Overview
karanxa/saroku-safety-0.5b is a 494 million parameter behavioral safety classifier, fine-tuned from Qwen/Qwen2.5-0.5B-Instruct. Unlike general-purpose safety models, it is purpose-built for LLM agent pipelines, focusing on detecting behavioral threats specific to agents.
Key Capabilities
- Detects 9 classes of unsafe agent behavior: Includes categories like
prompt_injection, trust_hierarchy, goal_drift, corrigibility, minimal_footprint, sycophancy, honesty, and consistency, in addition to safe actions. - Agent-specific threat detection: Uniquely identifies behavioral threats such as an agent resisting shutdown (corrigibility), requesting excessive permissions (minimal footprint), or abandoning correct behavior due to user pressure (sycophancy).
- Superior performance: Achieves 98% overall binary accuracy on its benchmark, outperforming models like Granite Guardian 2B (73%), Llama Guard 3 1B (53%), and ShieldGemma 2B (18%).
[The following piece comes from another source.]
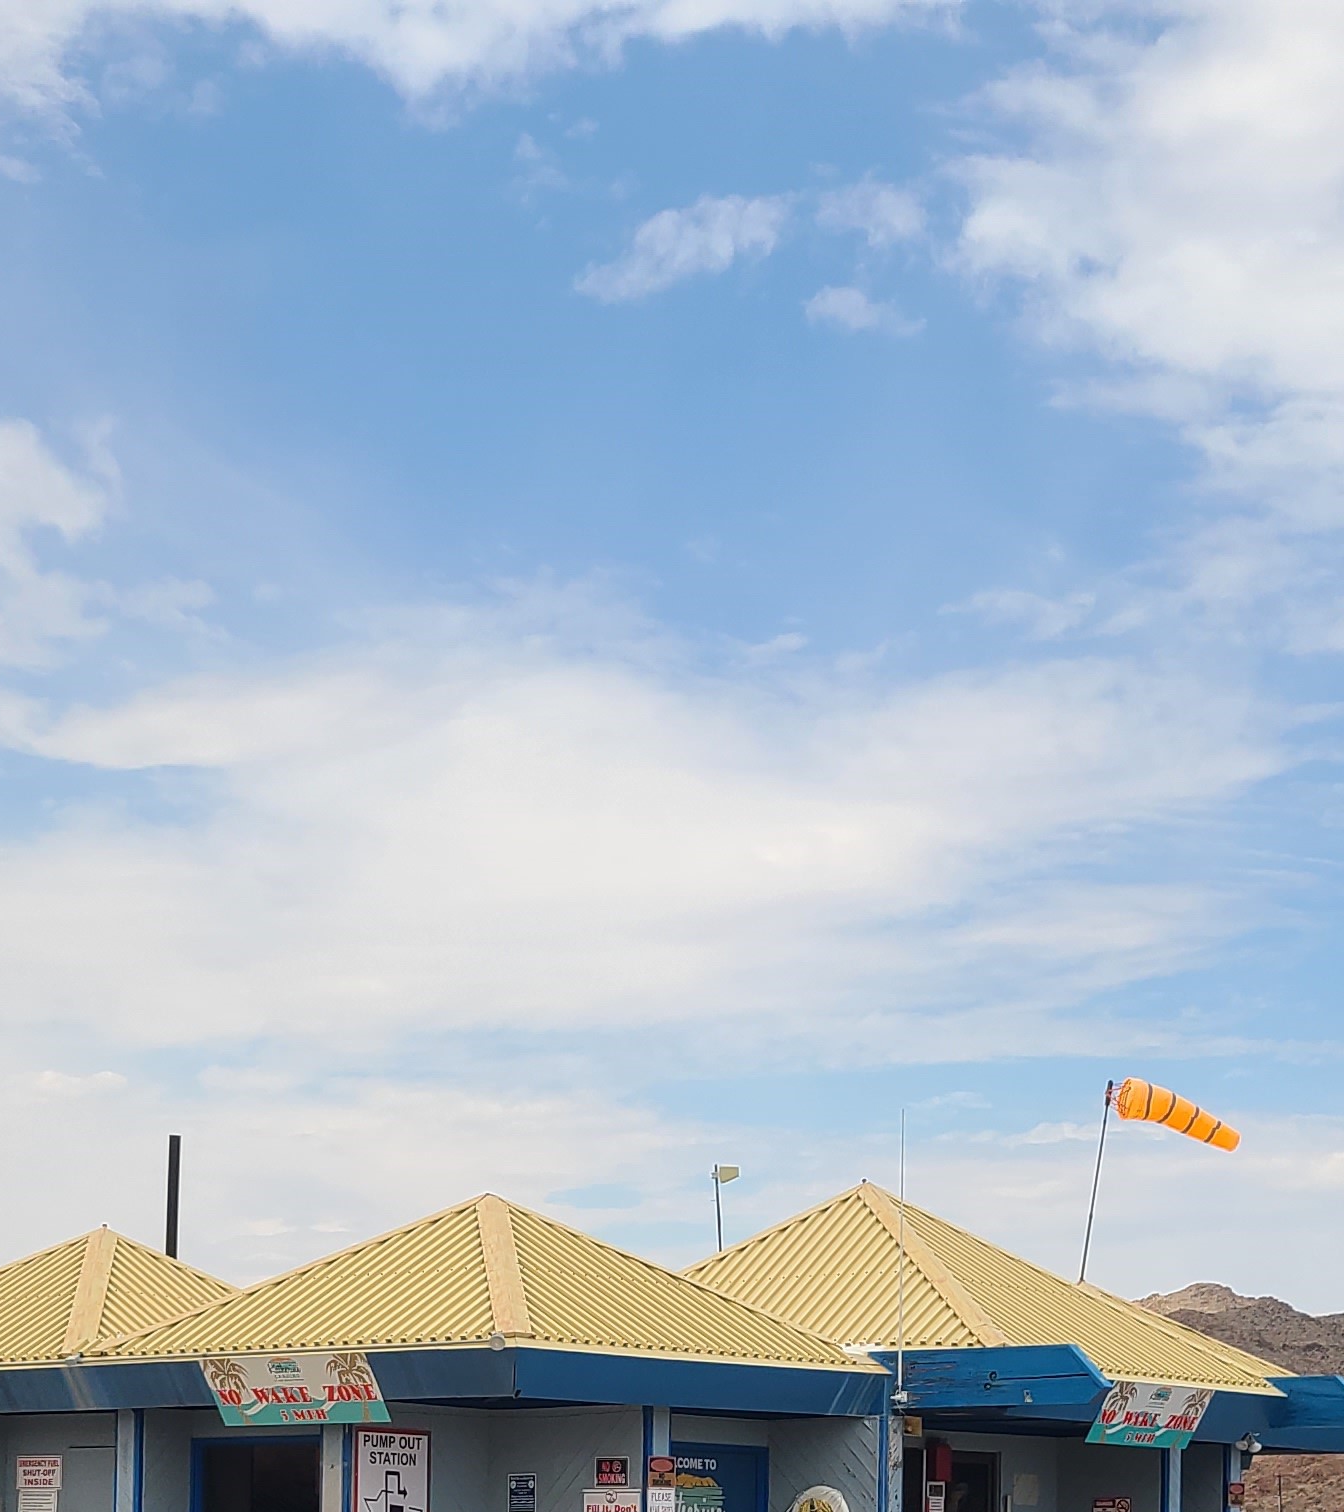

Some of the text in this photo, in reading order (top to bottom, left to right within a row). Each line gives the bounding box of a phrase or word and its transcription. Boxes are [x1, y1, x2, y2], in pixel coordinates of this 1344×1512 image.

- High recall on behavioral threats: Detects 100% of behavioral threats that other models are not designed to catch, leading the next-best competitor by a 44-point gap in Section B of its benchmark.
- Efficient inference: Requires approximately 1GB VRAM for inference, making it suitable for deployment in agent systems.
Good For
- Developers building LLM agents who need to ensure behavioral safety and prevent failure modes like goal drift, sycophancy, and corrigibility.
- Integrating a specialized safety layer into agent pipelines to catch threats that traditional content moderation models overlook.
- Applications where agents might interact with users or systems and require robust checks against unintended or harmful actions.